Computer #hackers managed to #hack into #Dundee council #IT system three times

Figures obtained by the Tele revealed the local authority’s systems were hit by malicious software in May and June 2015 and in September 2016.

All three attacks took the form of “ransomware”, which encrypts computer files and demands a financial payment in order to retrieve the files affected.

The attacks were carried out by email – sent as either a link or a malicious attachment.

The council said that its intrusion detection and prevention systems were under “constant attack” as often as hundreds or thousands of times every day but declined to comment on how the successful attacks had affected its systems.

The local authority has spent almost £500,000 to bolster security measures in the last five years, including £107,000 so far in 2017/18.

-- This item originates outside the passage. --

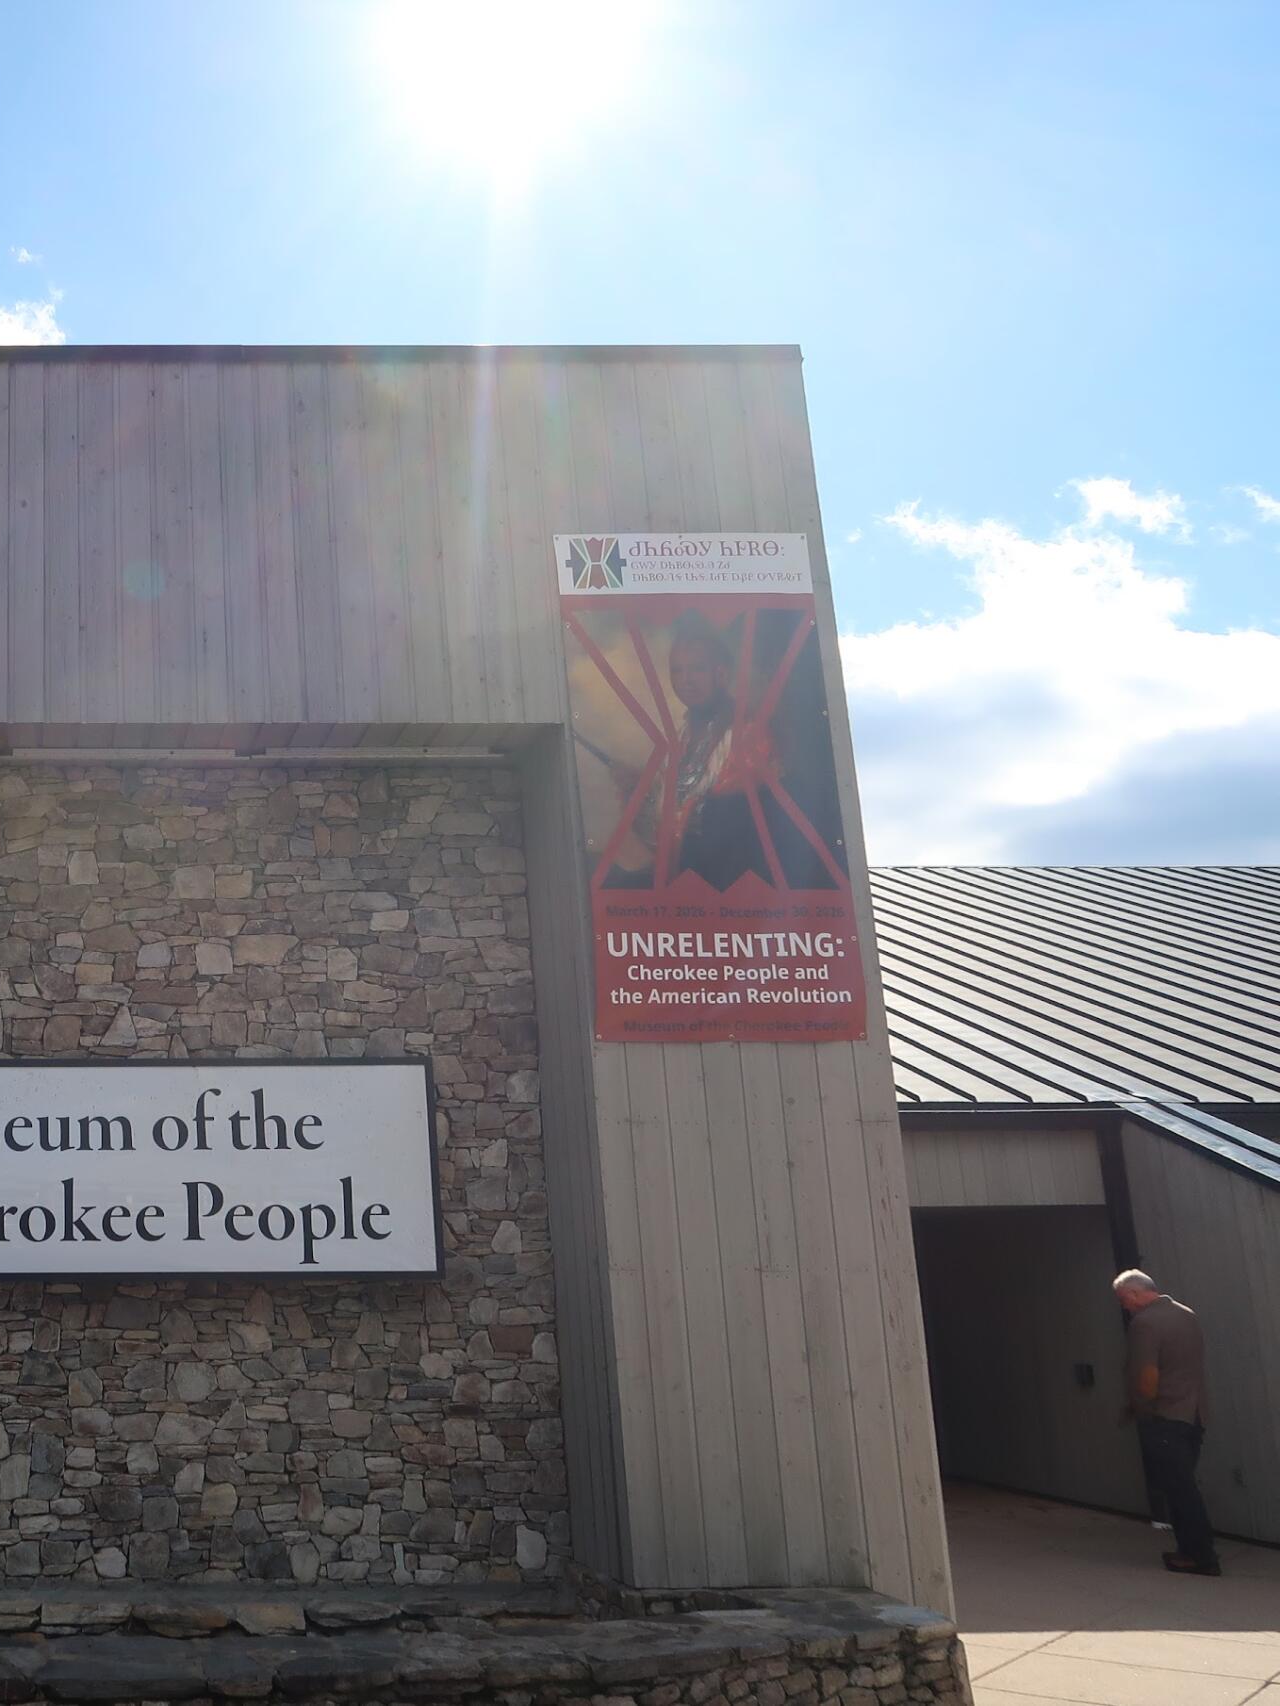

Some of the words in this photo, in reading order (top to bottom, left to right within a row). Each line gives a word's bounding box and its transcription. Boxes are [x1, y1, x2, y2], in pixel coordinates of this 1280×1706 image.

Such software is often bought on a multi-year licence and is required to cover the hundreds of computers the council uses on a day-to-day basis.

Dr Natalie Coull, head of Abertay University’s cyber security division, said attacks on computer systems were becoming increasingly common.

She said: “The motivation for cyber crime is similar to traditional crime in that it can be carried out for any number of reasons.

“However, many of the most commonly used ransomware, malware and phishing attacks are directly designed with securing a payment from the victim in mind, or stealing their data.

“No longer can any organisation or company expect complete protection and, at present, it seems we may never get to a point where a system can be declared 100% secure.”

A council spokeswoman declined to comment on whether any personal details had been stolen or if any cash had been handed over to cyber-extortionists, saying only that the authority “fully recognised” the importance of being secure.

She said: “In the immediate aftermath of the global WannaCry attack, the council responded by reviewing and enhancing its security measures in an effort to minimise its exposure to the risk.

“As part of a range of preventative and protective actions, council staff were briefed electronically about current malware threat levels and the need to adopt secure practice.”